### To do
Your answer must be the data repeated exactly, with no pictures in it.

### Data under study
━━━━━━━━━━━━━━━━━━━━━━━━━━━━━━

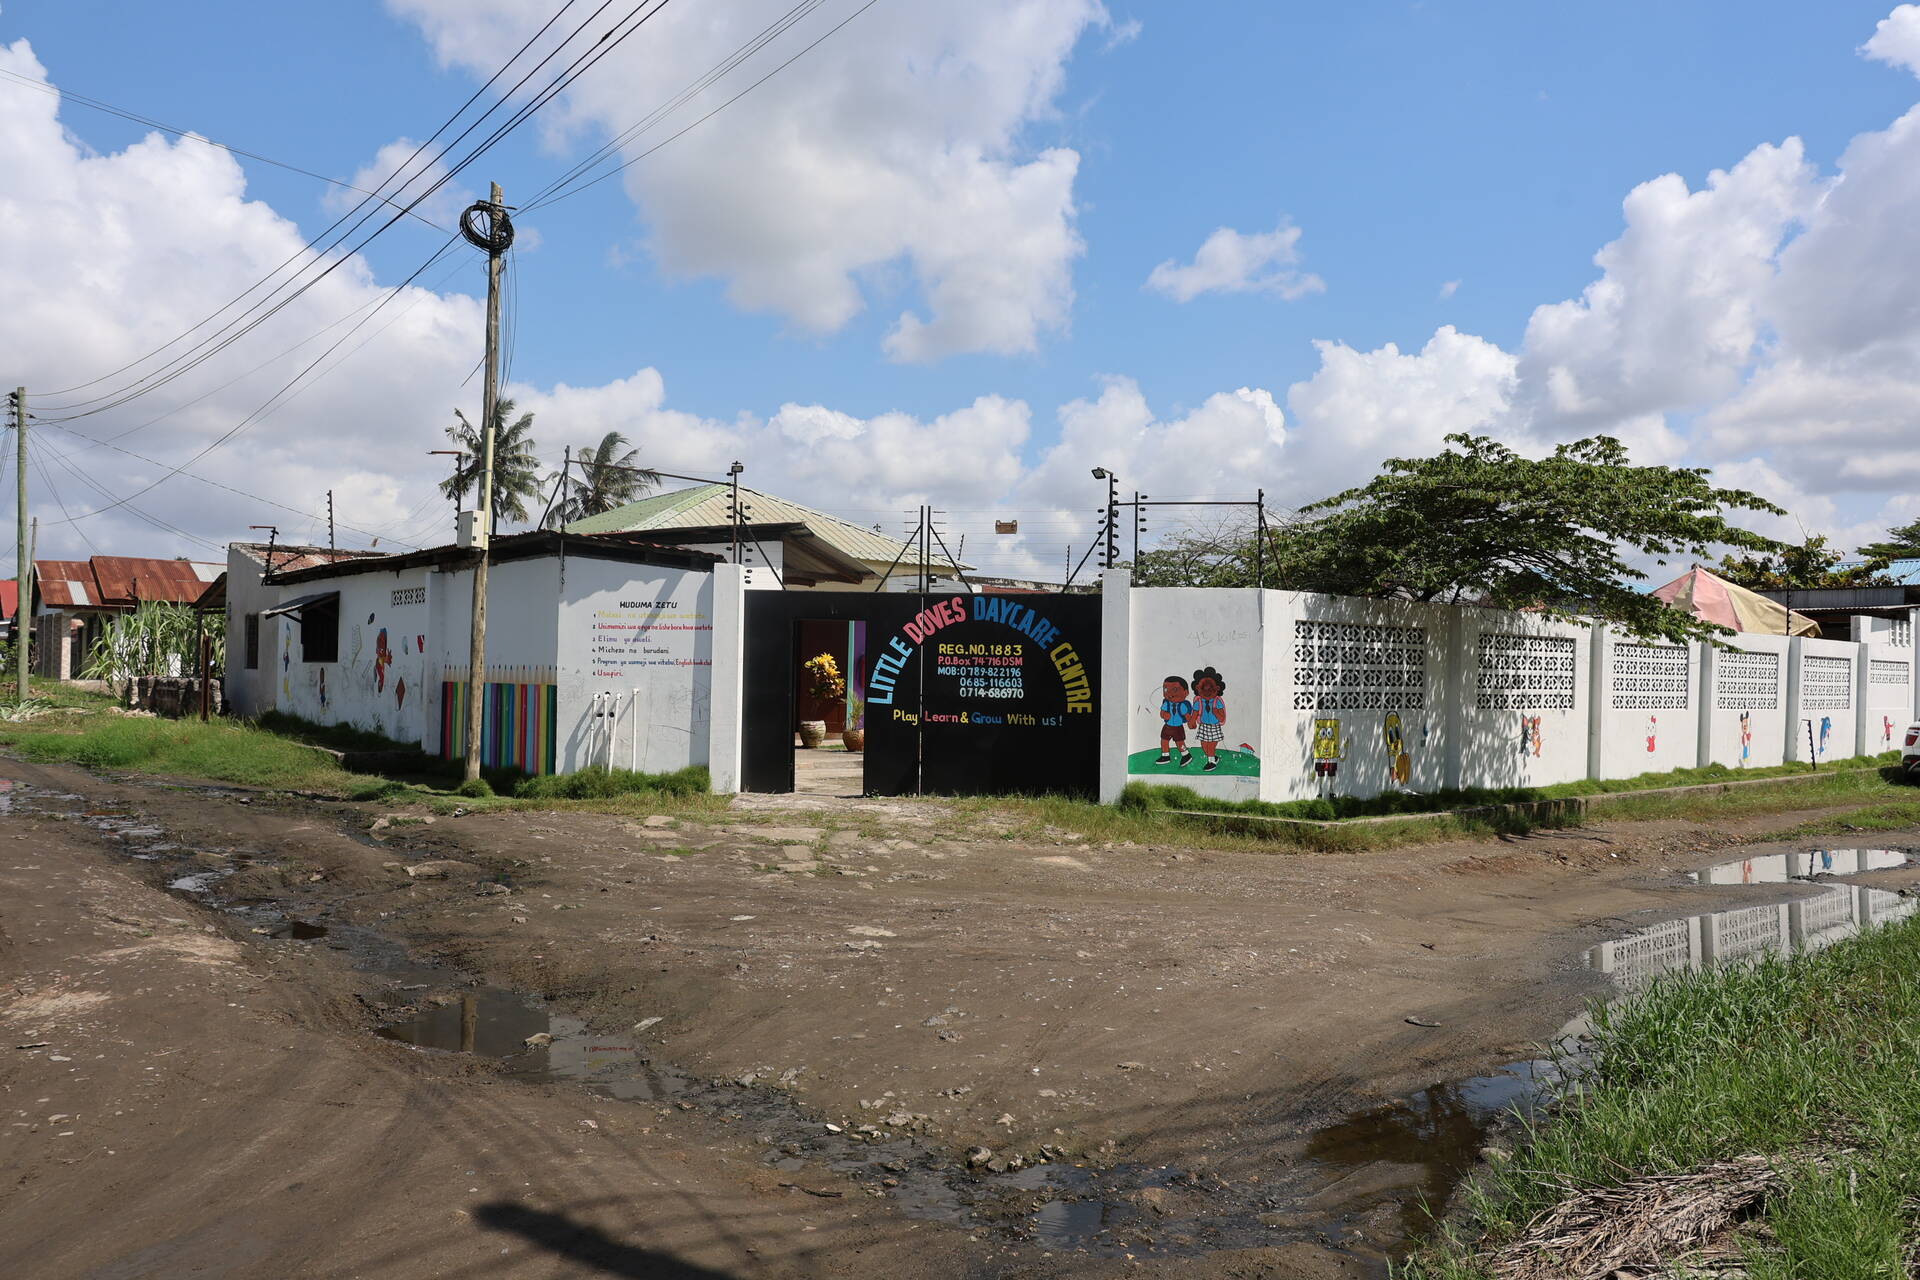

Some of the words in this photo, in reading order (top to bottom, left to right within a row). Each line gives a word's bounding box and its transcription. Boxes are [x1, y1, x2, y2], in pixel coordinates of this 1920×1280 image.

[620, 601, 653, 609] HUDUMA
[655, 601, 678, 609] ZETU
[867, 636, 913, 705] LITTLE
[902, 596, 968, 645] DOVES
[973, 596, 1063, 649] DAYCARE
[1050, 642, 1092, 713] CENTRE
[938, 644, 1023, 656] REG.NO.1883
[1002, 657, 1023, 666] DSM
[960, 677, 1023, 688] 0685-116603
[960, 688, 1024, 699] 0714-686970
[893, 709, 918, 726] Play
[924, 710, 959, 723] Learn
[960, 711, 969, 724] &
[971, 711, 1002, 724] Grow
[1007, 713, 1036, 726] With
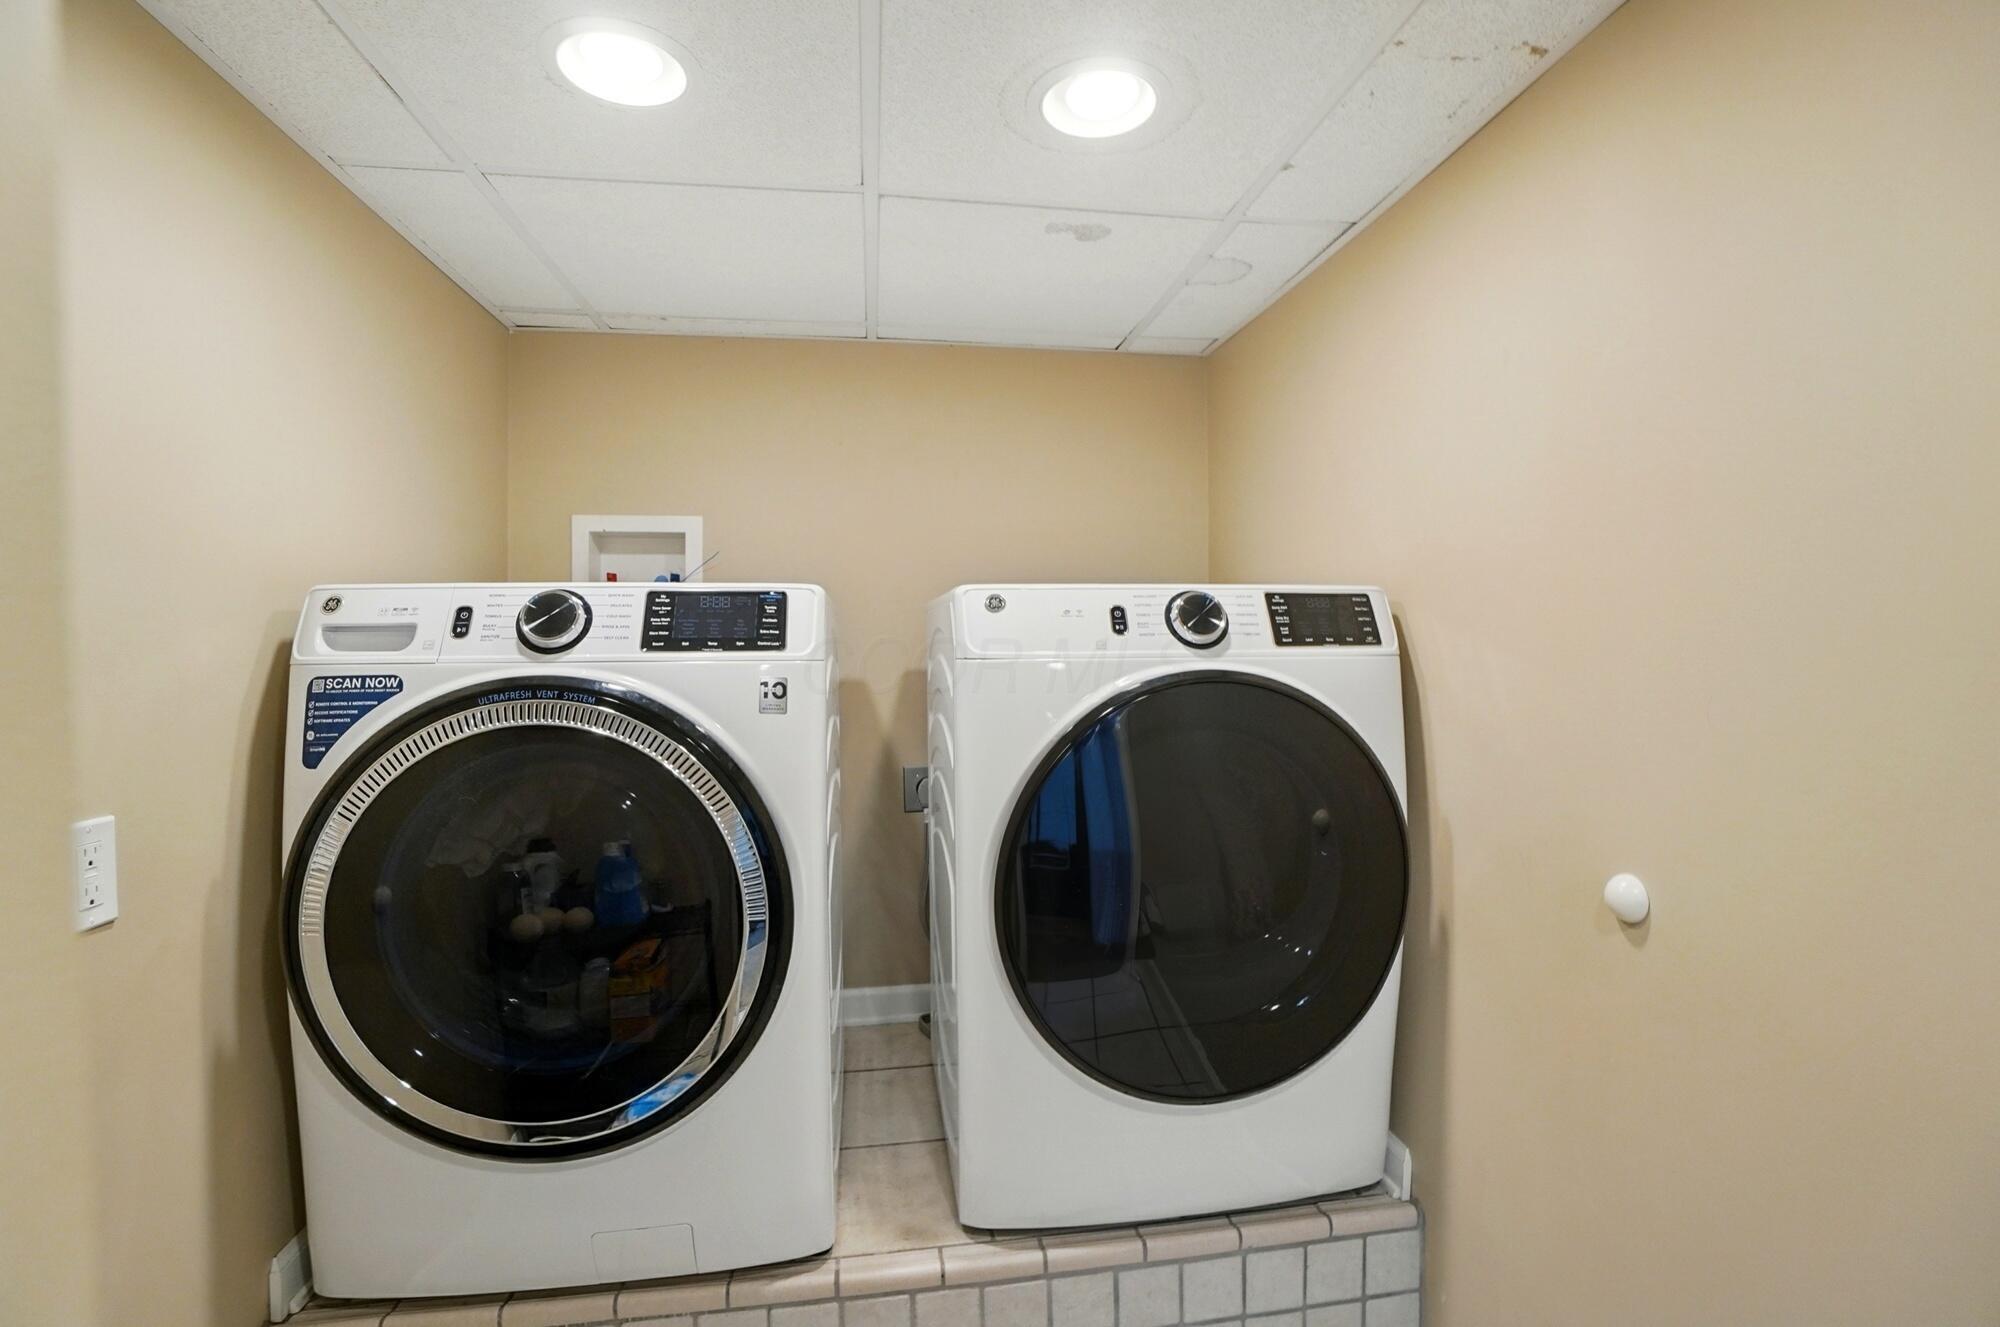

━━━━━━━━━━━━━━━━━━━━━━━━━━━━━━

### Problem solution
Some of the words in this photo, in reading order (top to bottom, left to right within a row). Each line gives a word's bounding box and its transcription. Boxes are [x1, y1, x2, y2], in pixel coordinates of this 1920×1280 image.

[620, 601, 653, 609] HUDUMA
[655, 601, 678, 609] ZETU
[867, 636, 913, 705] LITTLE
[902, 596, 968, 645] DOVES
[973, 596, 1063, 649] DAYCARE
[1050, 642, 1092, 713] CENTRE
[938, 644, 1023, 656] REG.NO.1883
[1002, 657, 1023, 666] DSM
[960, 677, 1023, 688] 0685-116603
[960, 688, 1024, 699] 0714-686970
[893, 709, 918, 726] Play
[924, 710, 959, 723] Learn
[960, 711, 969, 724] &
[971, 711, 1002, 724] Grow
[1007, 713, 1036, 726] With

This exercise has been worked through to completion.